Figure 3: (a) 1987 variation in litter 1 carbon store (b) 1987 variation in litter 4 carbon store (c) 1987 variation in soil 1 carbon
store (d) 1987 variation in soil 4 carbon store
Fig. 3(a-d) shows the variation in litter and carbon stores for the 1987 year. The amount of C in
soils increases with increasing N deposition (Fig.3 c and d). The amount of C in litter stores shows
different responses to varying nitrogen. Fig. 3b indicates that the amount of carbon in the deep litter
(LITR4C) is reduced with increasing N, but the amount of decrease diminishes above 30 kg N/ha/year.
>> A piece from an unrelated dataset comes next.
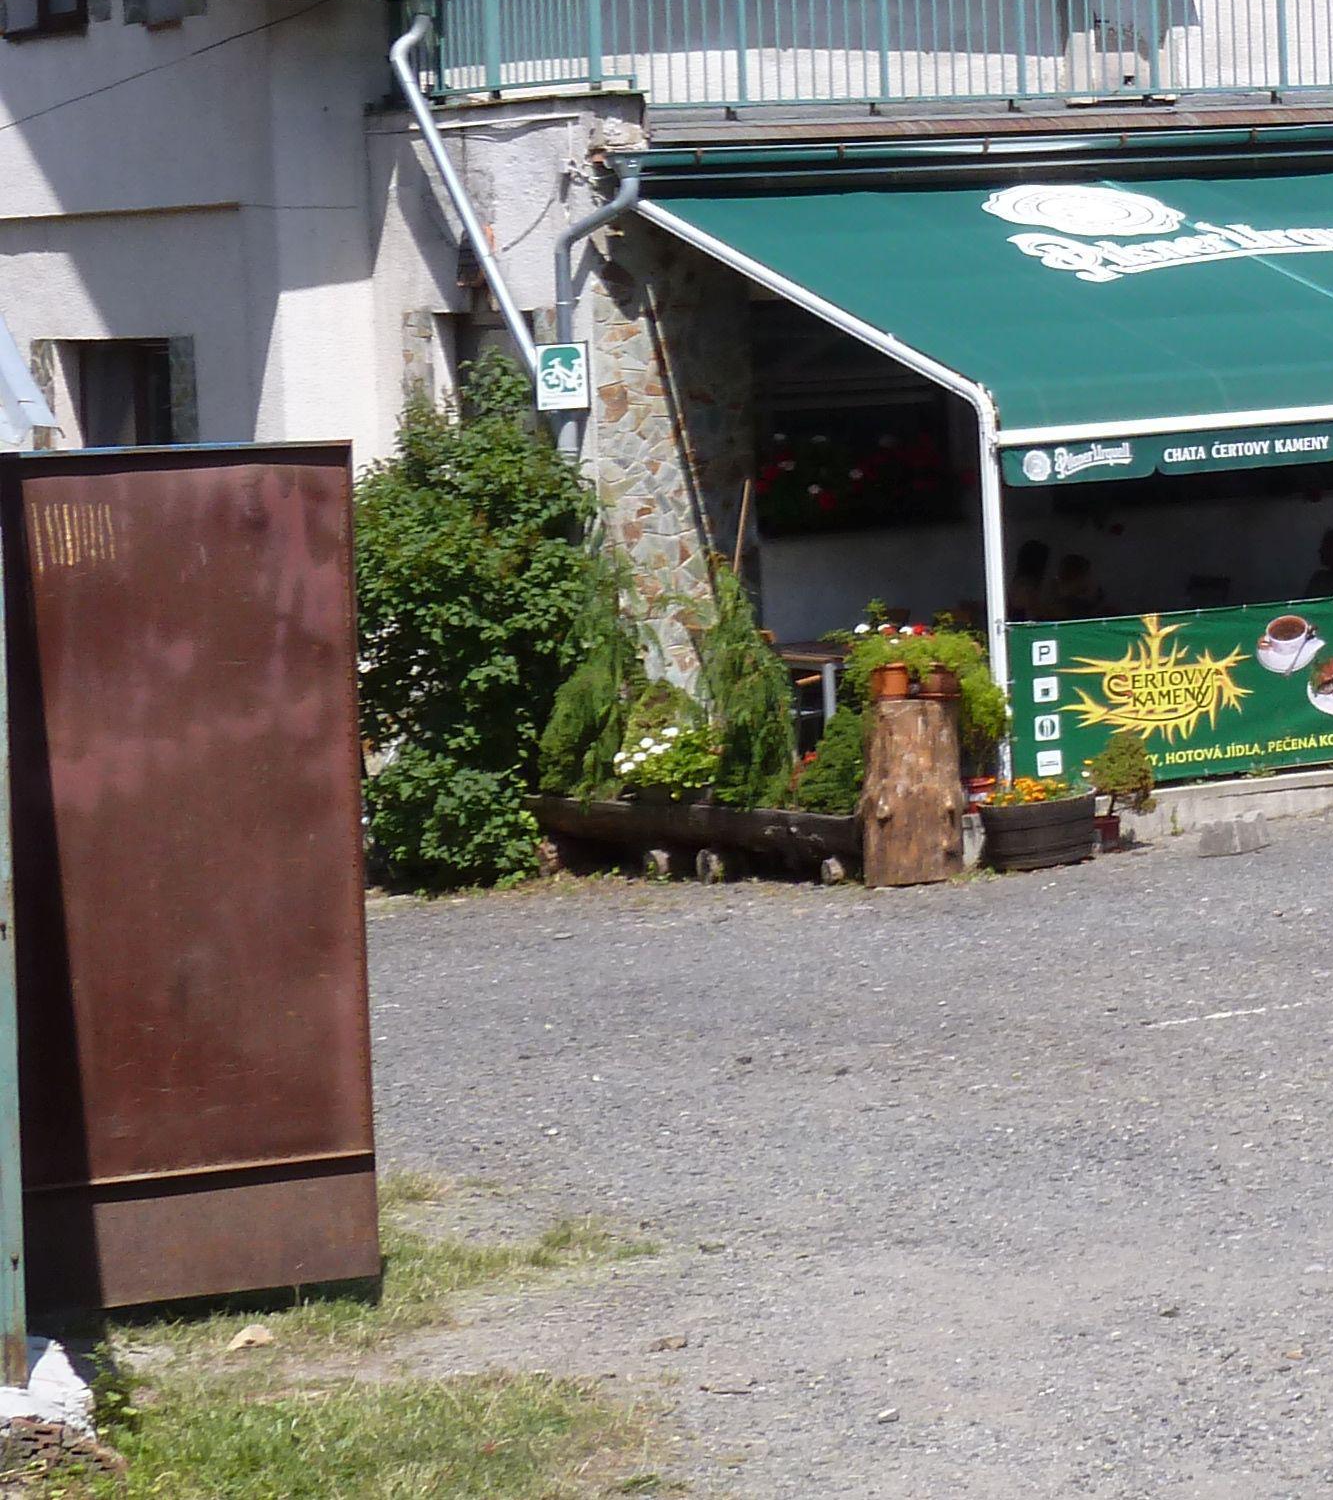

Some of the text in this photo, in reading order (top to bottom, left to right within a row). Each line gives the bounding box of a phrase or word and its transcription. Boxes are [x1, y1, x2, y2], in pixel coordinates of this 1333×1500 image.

The amount of carbon in the highest litter pool (LITR1C) varies throughout the year across N deposition
levels. At the beginning of the year there is an inverse relationship between N deposition and C in litter
store 1. After the growing season (around year day 160) this trend is reversed with higher amounts of C
associated with higher N deposition. This phenomenon could perhaps be explained by the higher
heterotrophic respiration earlier in the year associated with the higher soil nitrogen levels. Later in the
year the higher LAI’s achieved under elevated N contribute more C to this litter pool during leaf fall.
Conclusions
The overall effect of increased N deposition is to increase biomass production in foliage, stem
and roots. This effect is perhaps more pronounced in areas which don’t experience as much water stress
as our study area, Missoula, MT. It has been shown that elevated N deposition has the strongest
influence on NPP and GPP when water is abundant. From examination of the amount of carbon in the
litter pools we can observe the affect of nitrogen deposition on heterotrophic respiration. Higher
nitrogen levels in biomass are associated with increased heterotrophic respiration as the stability of
detritus decreases with decreasing C:N ratios. This effect can be observed in Fig. 3a,b where we see
lower amounts of carbon in both shallow and deep litter stores in a higher nitrogen environment. This
investigation has demonstrated that nitrogen can play an important role in ecosystem dynamics,
particularly in its influence on soil and litter stores of carbon. In this dry, primarily water-limited
environment, the influences of nitrogen are dominated by that of water. However, in times when water
becomes less limiting the influence of nitrogen becomes more important.